→ **What the task requires**: Write down exactly the lines from the one below that has "this 1280×960 image." to the end of the data, both ends included; the pictures should not appear in your copy.

╭──

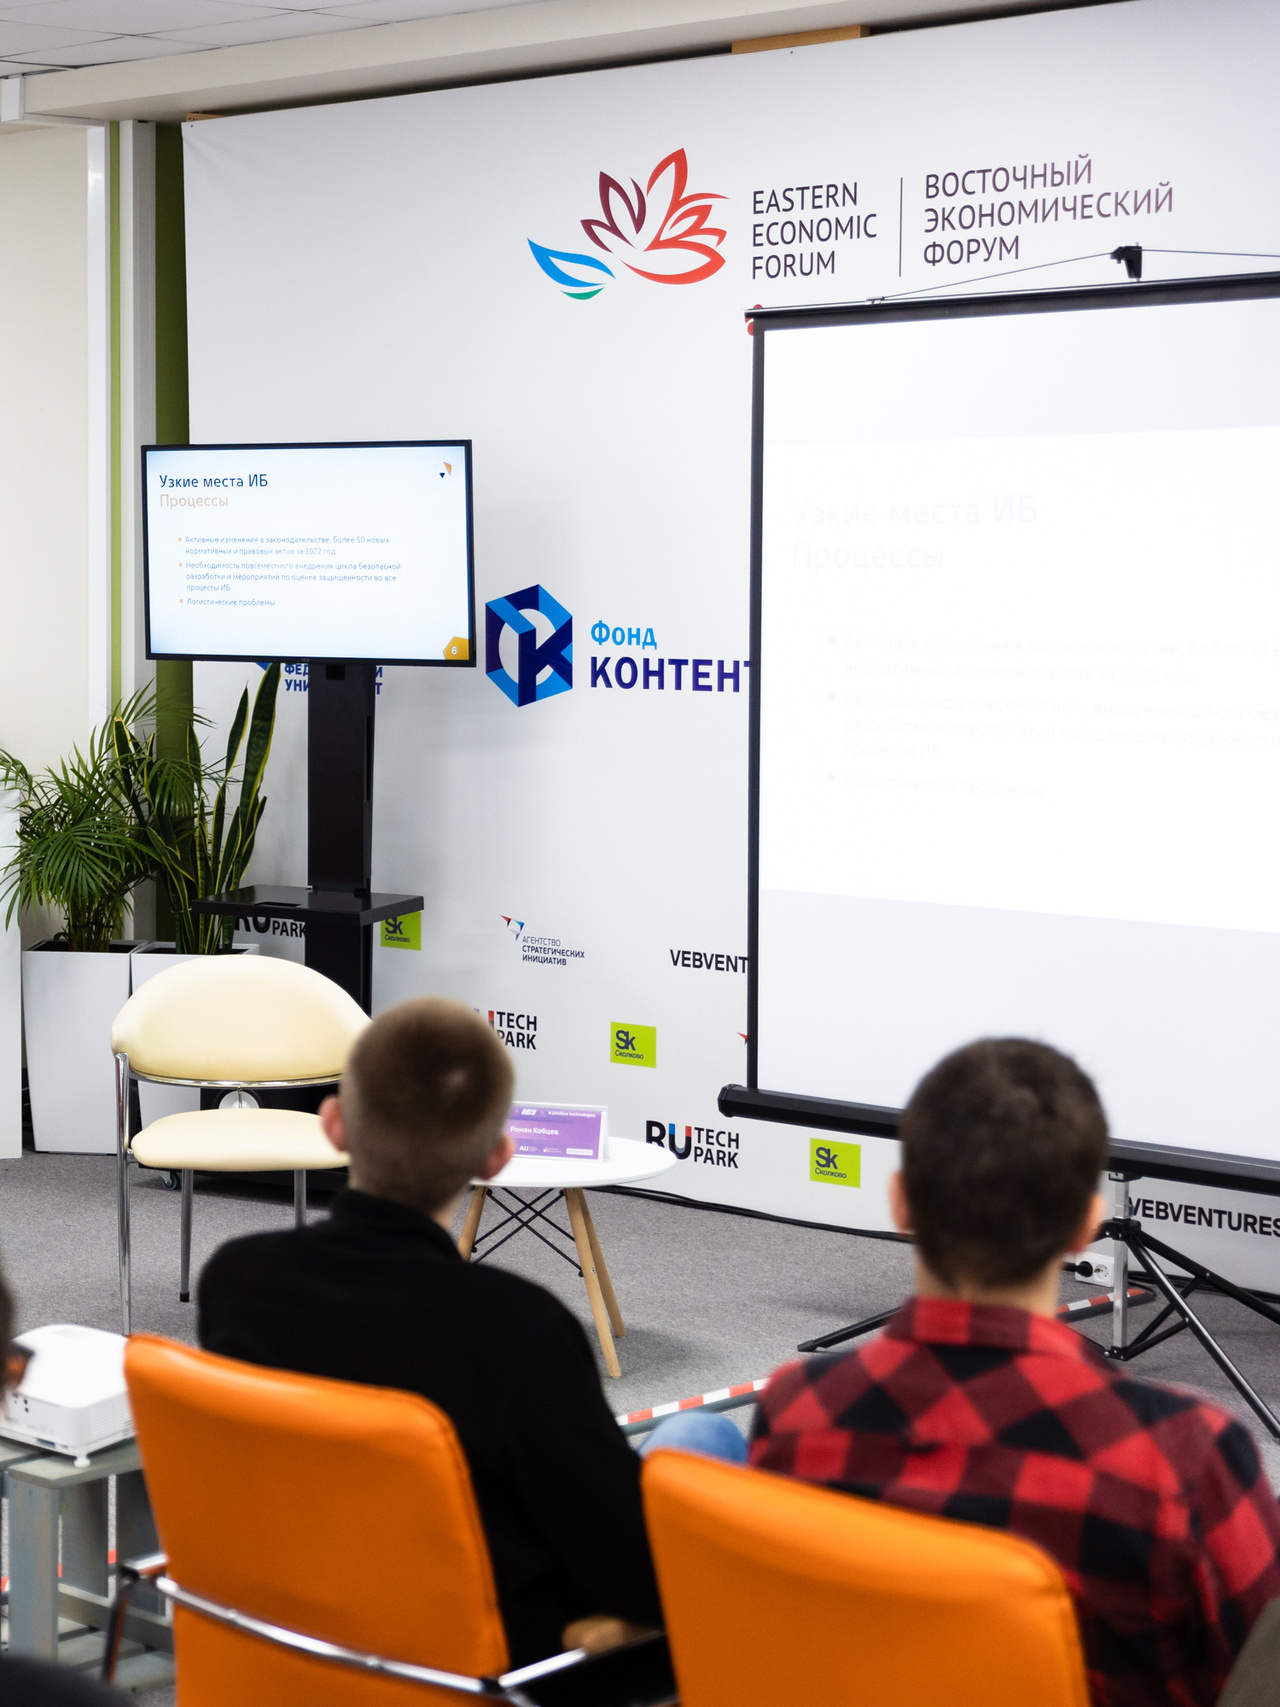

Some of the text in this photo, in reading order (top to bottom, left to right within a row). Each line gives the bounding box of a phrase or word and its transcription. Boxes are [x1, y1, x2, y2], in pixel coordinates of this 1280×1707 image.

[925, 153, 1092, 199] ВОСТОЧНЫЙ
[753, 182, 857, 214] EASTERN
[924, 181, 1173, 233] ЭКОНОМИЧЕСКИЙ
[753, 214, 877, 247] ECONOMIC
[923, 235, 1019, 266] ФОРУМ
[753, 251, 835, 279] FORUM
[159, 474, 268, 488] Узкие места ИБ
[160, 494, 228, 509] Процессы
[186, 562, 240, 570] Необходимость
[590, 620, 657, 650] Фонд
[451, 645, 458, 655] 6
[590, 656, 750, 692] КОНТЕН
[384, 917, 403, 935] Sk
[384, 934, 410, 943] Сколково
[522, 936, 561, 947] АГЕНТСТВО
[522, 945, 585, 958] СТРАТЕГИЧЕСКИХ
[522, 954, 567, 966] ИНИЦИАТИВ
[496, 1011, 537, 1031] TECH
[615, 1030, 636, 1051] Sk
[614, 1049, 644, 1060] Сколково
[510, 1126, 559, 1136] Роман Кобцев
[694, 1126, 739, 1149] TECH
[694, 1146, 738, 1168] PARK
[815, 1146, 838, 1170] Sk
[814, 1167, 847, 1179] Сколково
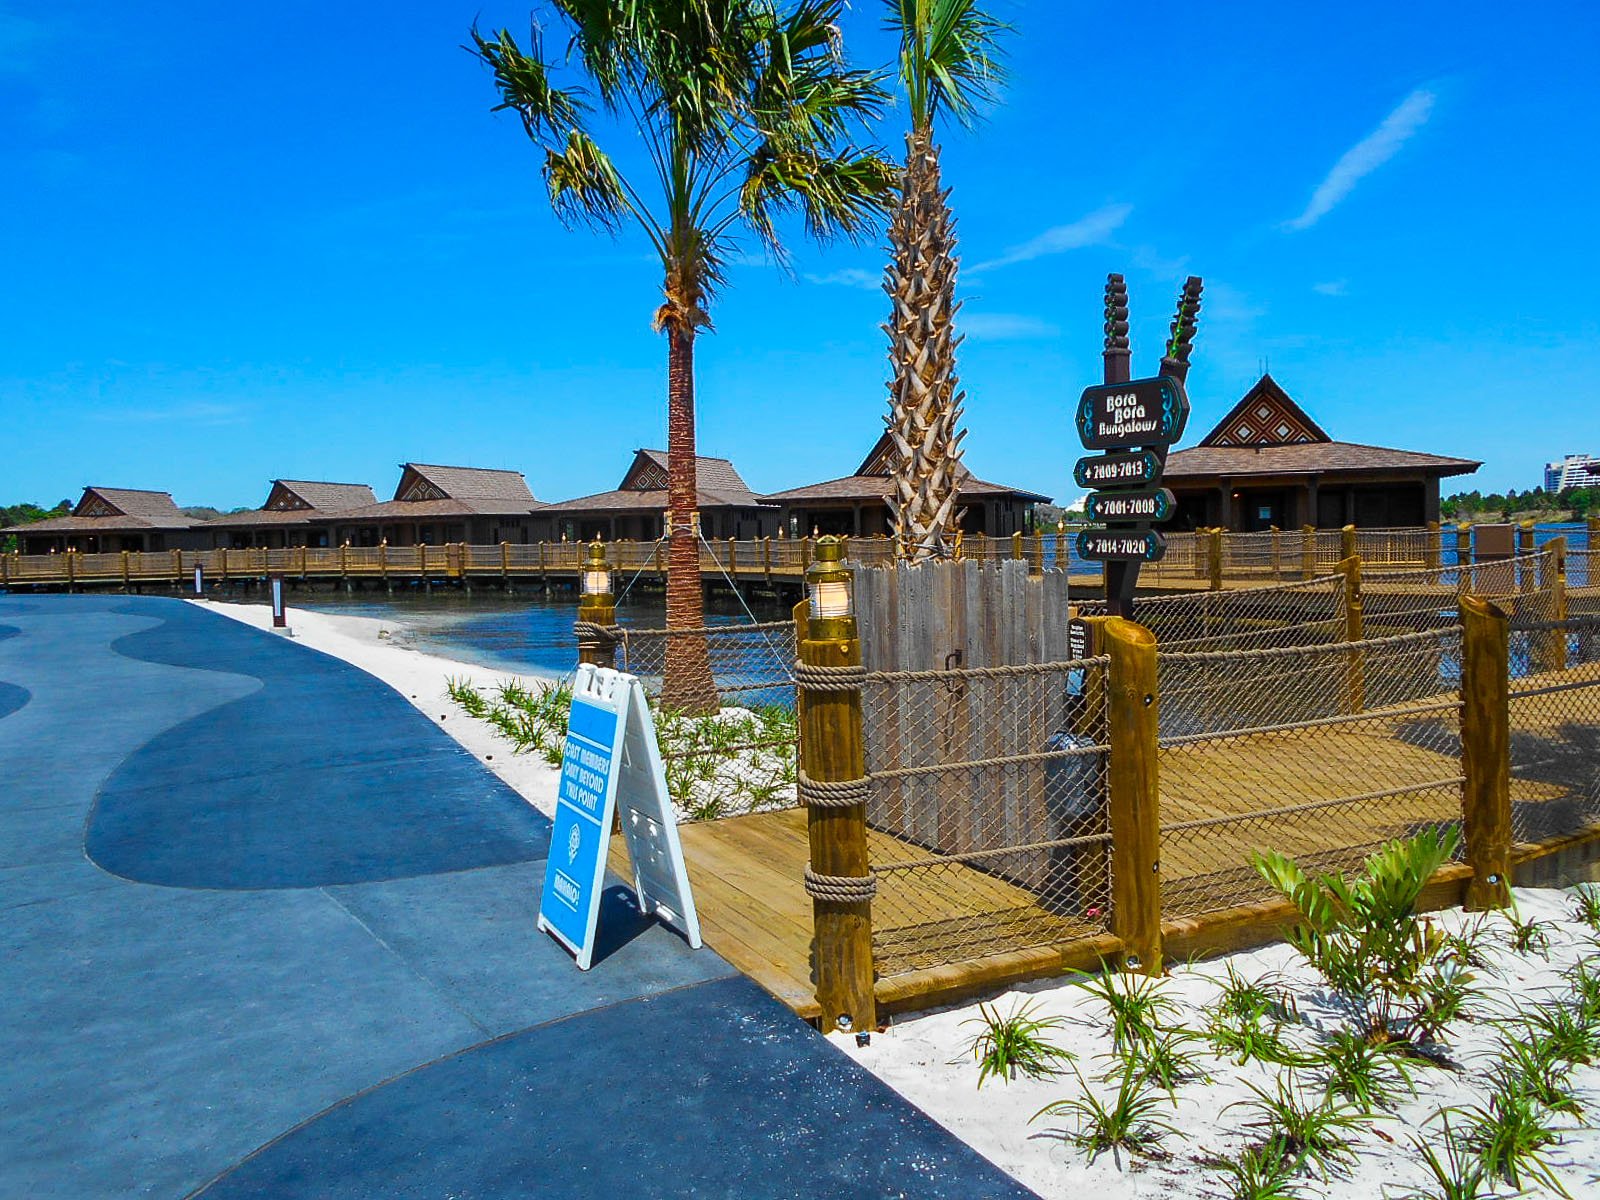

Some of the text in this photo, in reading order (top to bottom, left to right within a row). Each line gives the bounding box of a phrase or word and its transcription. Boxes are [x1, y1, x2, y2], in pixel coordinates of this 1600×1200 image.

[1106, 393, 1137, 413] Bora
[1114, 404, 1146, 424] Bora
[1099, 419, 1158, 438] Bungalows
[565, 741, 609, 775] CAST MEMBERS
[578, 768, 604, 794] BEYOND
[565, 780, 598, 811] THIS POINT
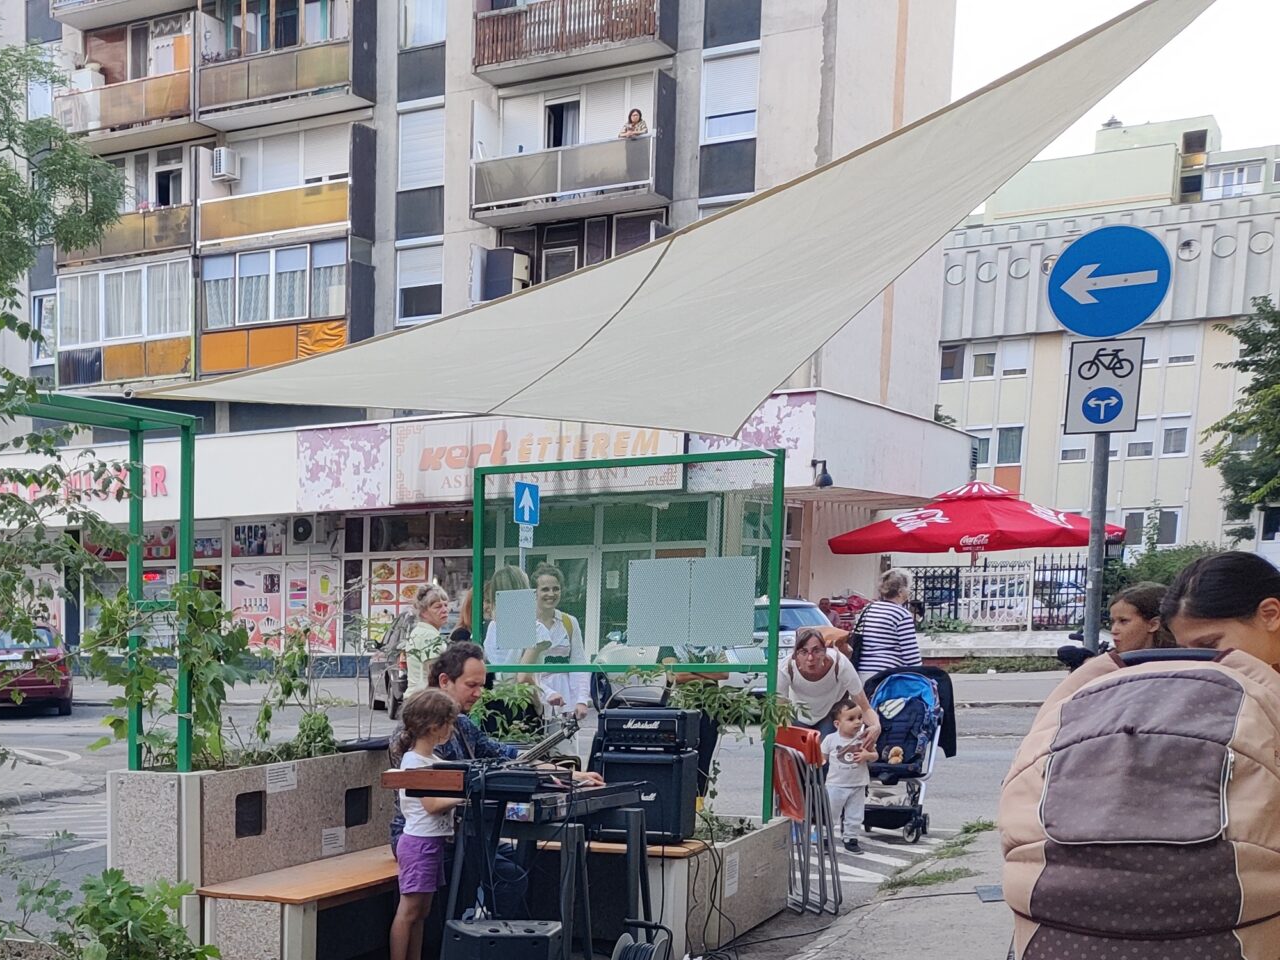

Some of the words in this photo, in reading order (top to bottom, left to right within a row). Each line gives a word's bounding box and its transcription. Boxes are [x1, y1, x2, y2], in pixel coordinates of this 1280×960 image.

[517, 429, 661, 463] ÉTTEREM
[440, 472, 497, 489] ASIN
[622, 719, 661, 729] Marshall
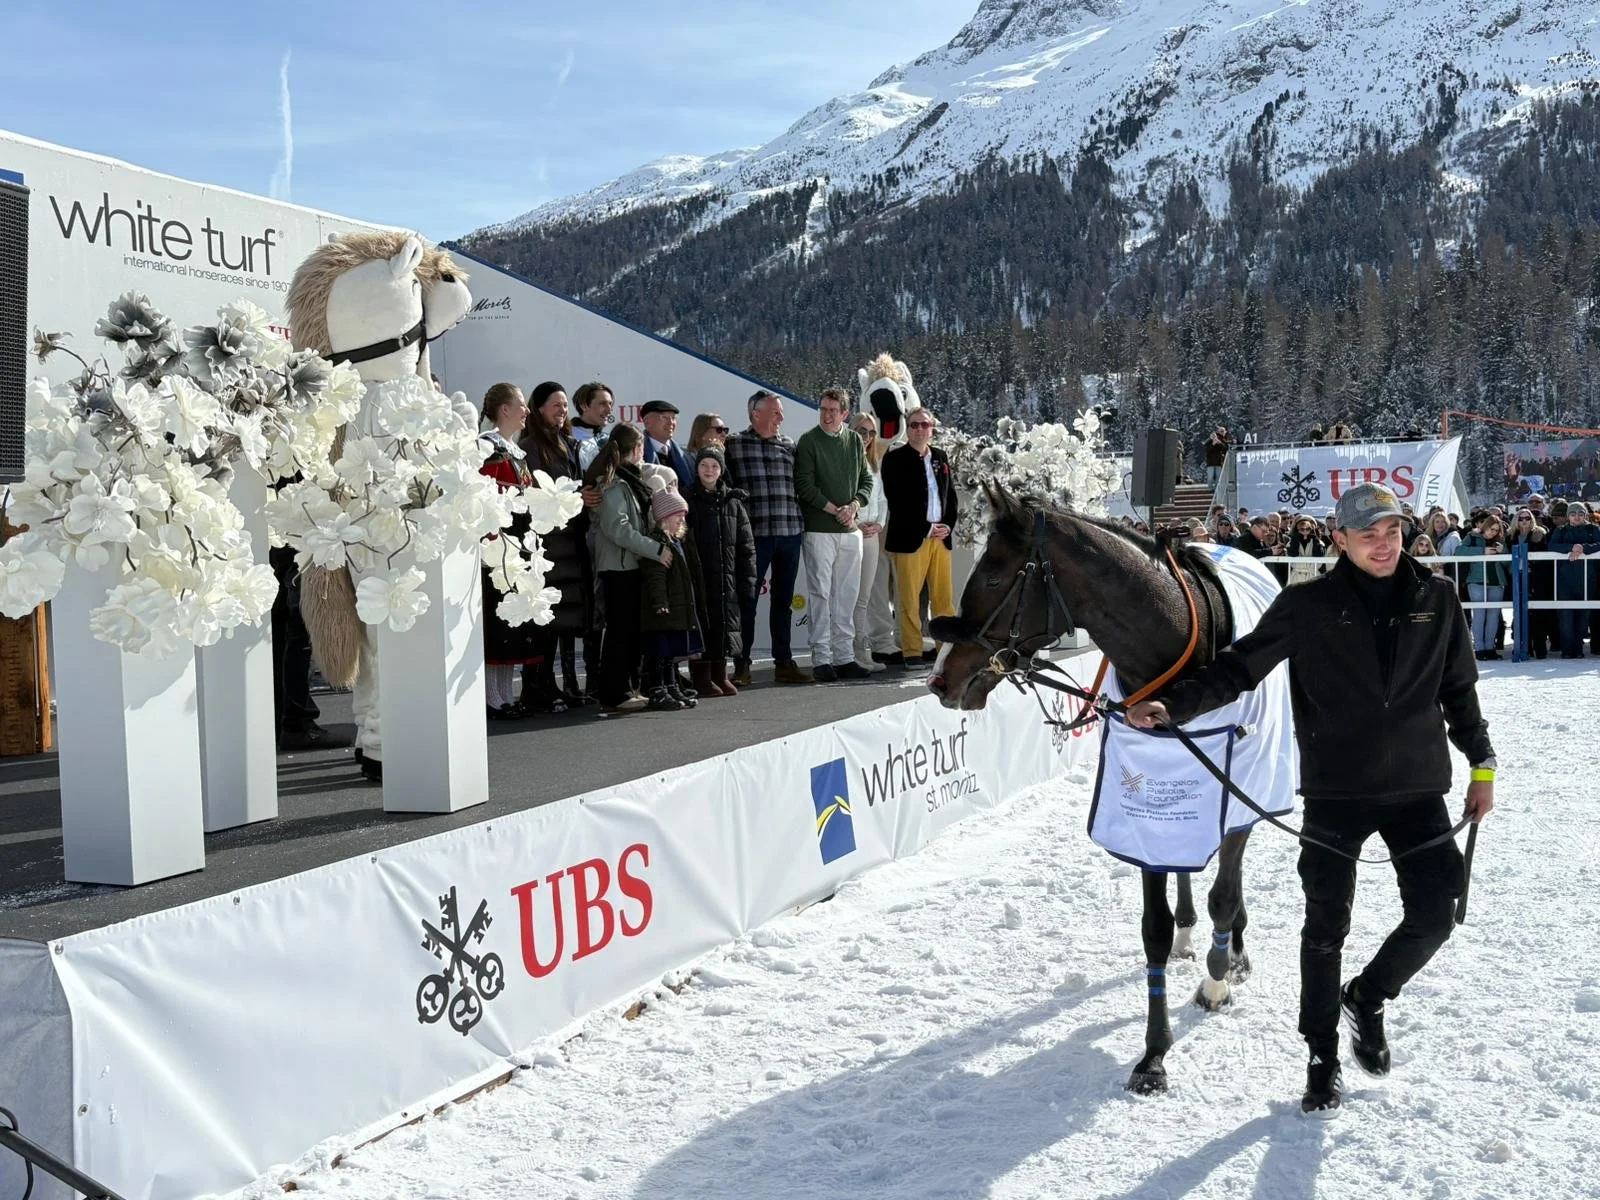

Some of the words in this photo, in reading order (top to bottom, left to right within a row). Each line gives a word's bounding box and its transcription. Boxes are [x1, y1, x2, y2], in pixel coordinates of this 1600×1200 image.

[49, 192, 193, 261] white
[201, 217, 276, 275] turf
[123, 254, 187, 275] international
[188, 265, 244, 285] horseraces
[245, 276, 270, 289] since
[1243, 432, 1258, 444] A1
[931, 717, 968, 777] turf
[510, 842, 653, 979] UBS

╰──

→ **Problem solution**:
Some of the words in this photo, in reading order (top to bottom, left to right within a row). Each line gives a word's bounding box and its transcription. Boxes are [x1, y1, x2, y2], in pixel coordinates of this 1280×960 image.

[517, 429, 661, 463] ÉTTEREM
[440, 472, 497, 489] ASIN
[622, 719, 661, 729] Marshall

Some of the words in this photo, in reading order (top to bottom, left to right within a row). Each line gives a word's bounding box and its transcription. Boxes are [x1, y1, x2, y2], in pixel coordinates of this 1600×1200 image.

[49, 192, 193, 261] white
[201, 217, 276, 275] turf
[123, 254, 187, 275] international
[188, 265, 244, 285] horseraces
[245, 276, 270, 289] since
[1243, 432, 1258, 444] A1
[931, 717, 968, 777] turf
[510, 842, 653, 979] UBS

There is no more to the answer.